Statistical analyses were carried out in MATLAB R2012b (MathWorks, 2012) and R v2.14.0 using the lme4 package (R Development Core Team, 2008). Mean responses over 10 stimulus selections were compared using Wilcoxon matched-pairs signed-rank tests (two-tailed). Within-trial S′ preferences were tested using generalized linear mixed models (GLMMs), with color, condition and peck (at 10 levels) as fixed factors and individual chick as a random factor, and a binomial error term. Models were then tested using analysis of deviance. Correlation between choice and peck order was tested with Spearman's rank correlation in SPSS (SPSS Inc., Chicago, IL, USA).
RESULTS
Experiment 1: responses to novel high contrast patterns
This experiment examined how elevated contrast affects the initial responses to and learning about novel stimuli. We trained 36 pairs of chicks to both red (S+1) and yellow (S+2) patterns with low contrast (range 0.3) gray backgrounds. The unrewarded training stimuli (S−) were similar to the S+, but all gray. The tests compared chicks' responses to the S− and S+ training stimuli with their responses to novel (S′) stimuli with the familiar training colors, but having the low contrast gray tiles replaced with black and white tiles [i.e. high contrast: S′1 (red) and S′2 (yellow), respectively]. There were two test conditions: condition 1 (N=18) where the S+ and S′ stimuli had the same color (i.e. both either red or yellow: S+1 with S′1 or S+2 with S′2; Fig. 1A), and condition 2 (N=18) where the S+ and S′ colors were different (i.e. one red and the other yellow: S+1 with S′2 or S+2 with S′1; Fig. 1A). In the first test (T1), condition proved to have a highly significant effect on the preference for S′ over the first 10 selections (GLMM analysis of deviance; ; P=0.0002), hence we analysed them separately. However, S+ color per se proved to have no effect on stimulus preference (GLMM analysis of deviance; ; P=0.99). We therefore pooled the red and yellow responses for each condition to improve the power of our subsequent tests.
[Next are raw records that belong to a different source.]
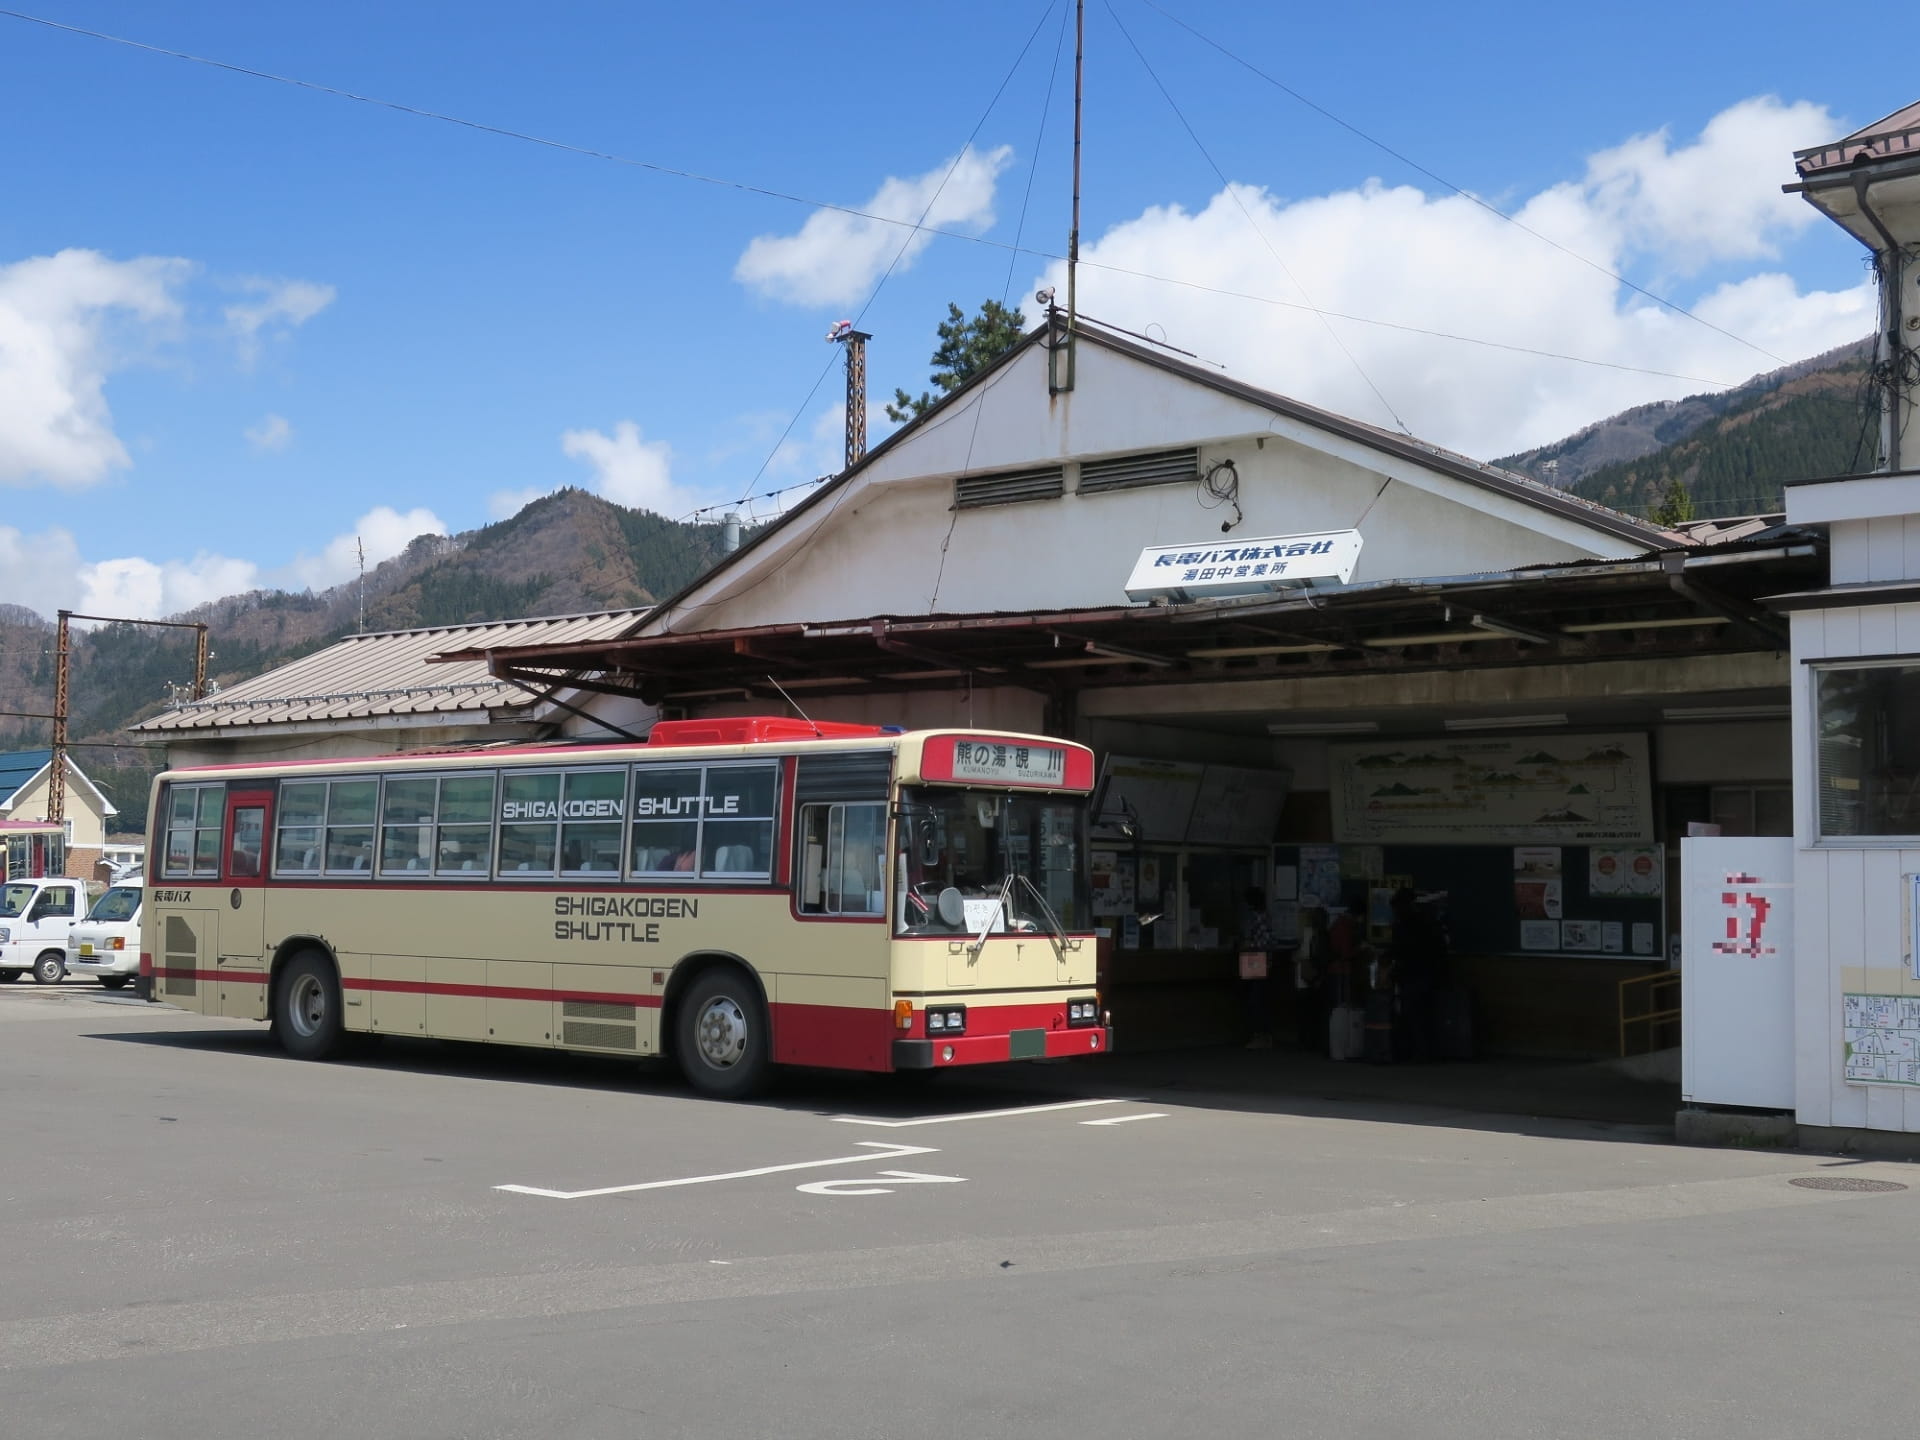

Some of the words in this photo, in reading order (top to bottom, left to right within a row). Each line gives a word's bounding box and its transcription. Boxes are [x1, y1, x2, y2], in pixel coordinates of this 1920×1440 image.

[1154, 540, 1334, 567] 長電バス株式会社
[1181, 562, 1288, 582] 湯田中営業所
[502, 800, 624, 818] SHIGAKOGEN
[638, 796, 740, 814] SHUTTLE
[154, 890, 192, 902] 長電バス
[554, 896, 698, 918] SHIGAKOGEN
[554, 920, 660, 943] SHUTTLE
In the initial extinction tests (T1), the novel stimuli S′ with elevated background contrast were initially greatly preferred over S+ (Fig. 1B) (Osorio et al., 1999a). Overall, 32 of 36 (89%) first pecks were directed at the novel stimuli (Fig. 1B). This preference for S′ then rapidly declined over the subsequent nine selections (Spearman's rank correlation; rs=−0.914, P<0.0001). When S+ and S′ colors were different in the test (condition 2), fewer than half of the second choices were for the S′ high contrast pattern, which was thereafter (selections 3–10) no more attractive than S−. The rate of decline was slower in condition 1, where S+ and S′ colors were alike in the test (Fig. 1B).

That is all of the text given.